A holy man in India may think
that happiness is in himself. It is in needing nothing from outside himself. If wanting nothing, he lacks nothing. We westerners, however, are taught that the more we have from outside ourselves, the happier we will be, and then we are made to want. We are even told it is our duty to want. Advertising, one of our major industries, exists not to satisfy these desires but to create them---and to create them faster than any man’s money in his pocket can satisfy them. Here, obviously someone is trying to buy the dream of happiness and spending millions upon millions every year in the attempt. Clearly the happiness-market is not running out of customers.
I doubt the holy man’s idea of happiness, and I doubt the dreams of the happiness-market, too. Whatever happiness may be, I believe, it is neither in having nothing nor in having more, but in changing --- in changing the world and mankind into pure states.
To change is to make efforts to deal with difficulties. As Yeats, a great Irish poet once put it, happiness we get for a lifetime depends on how high we choose our difficulties.
It is easy to understand. We even demand difficulty for the fun in our games. We demand it because without difficulty there can be no game. And a game is a way of making something hard for the fun of it. The rules of the game are man-made difficulties. When the player ruins the fun, he always does so by refusing to play by the roles. It is easier to win at chess if you are free, at your pleasure, to cast away all the rules, but the fun is in winning within the rules.
The same is true to happiness. The buyers and sellers at the happiness-market seem to have lost their sense of the pleasure of difficulty.
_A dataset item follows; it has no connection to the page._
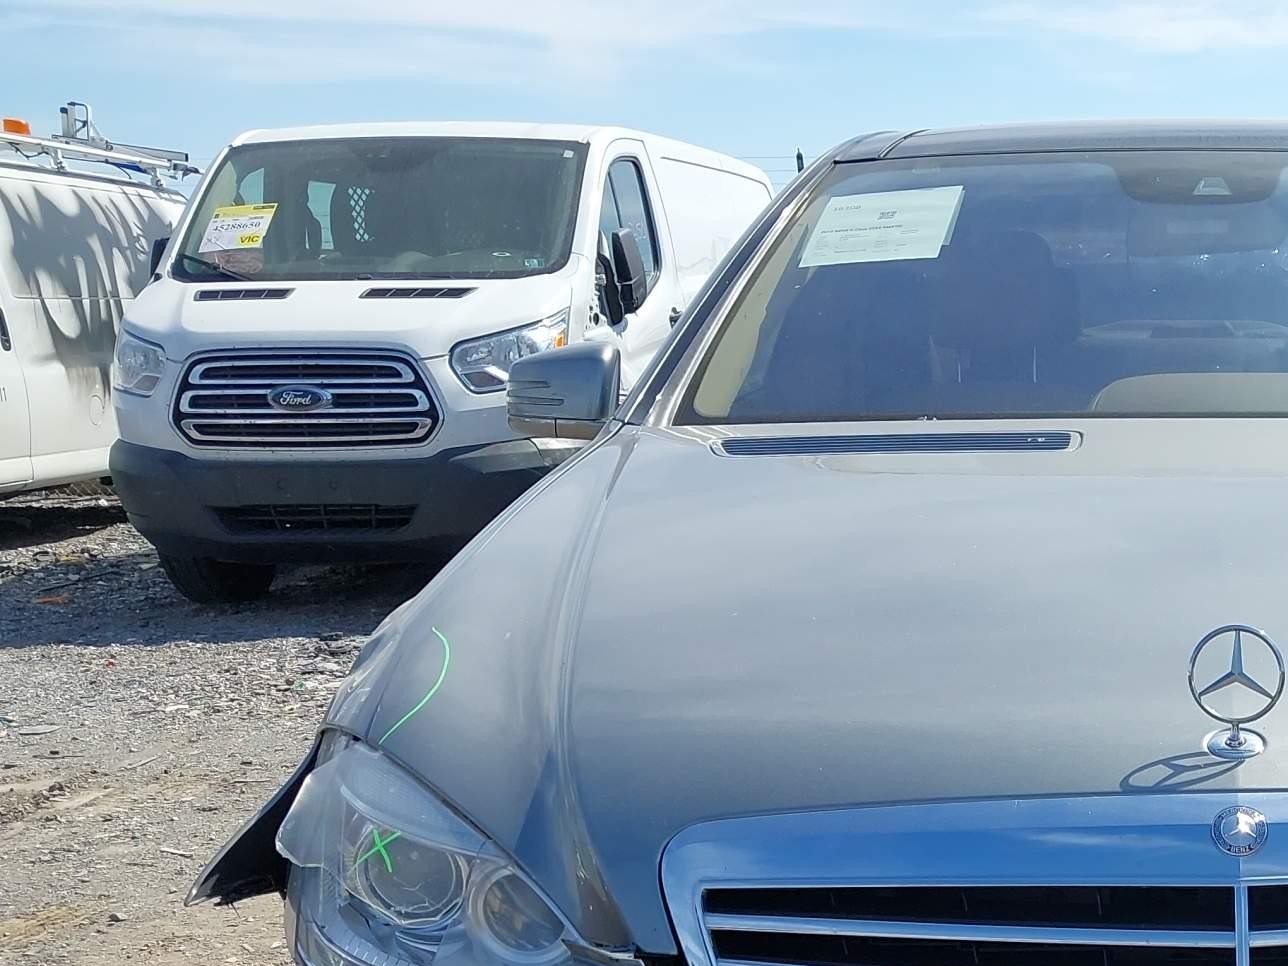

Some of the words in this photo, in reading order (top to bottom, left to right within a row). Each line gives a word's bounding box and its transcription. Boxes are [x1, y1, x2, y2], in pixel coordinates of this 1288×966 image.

Heaven knows what they are playing,
but it seems a dull game. And the Indian holy man seems dull to us, I suppose, because he seems to be refusing to play anything at all.
The western weakness may be in the dreams that happiness can be bought while eastern weakness may be in the idea that there is such a thing as perfect happiness in man himself. Both of them forget a basic fact: no difficulty, no happiness.
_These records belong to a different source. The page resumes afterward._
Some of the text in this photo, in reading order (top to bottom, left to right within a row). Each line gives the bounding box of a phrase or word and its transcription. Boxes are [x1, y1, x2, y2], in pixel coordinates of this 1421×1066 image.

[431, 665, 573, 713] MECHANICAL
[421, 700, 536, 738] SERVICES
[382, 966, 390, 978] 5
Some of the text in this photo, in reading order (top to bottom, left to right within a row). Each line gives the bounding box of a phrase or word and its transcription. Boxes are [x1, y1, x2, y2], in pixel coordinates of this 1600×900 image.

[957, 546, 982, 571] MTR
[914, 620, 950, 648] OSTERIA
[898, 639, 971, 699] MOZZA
小题1:Who shares the same idea of happiness with the author?
A.The Indian holy man | B.The great Irish poet Yeats |
C.Advertisers | D.The buyers and sellers at the happiness-market |
小题2:What does “happiness-market” mean in the second paragraph?
A.It means a place in which people can buy things happily |
B.It means a market which lacks happy customers |
C.It means a pure state for the world and mankind |
D.It means a market where people try to buy happiness with money. |
小题3:According to the passage, which of the following is Right?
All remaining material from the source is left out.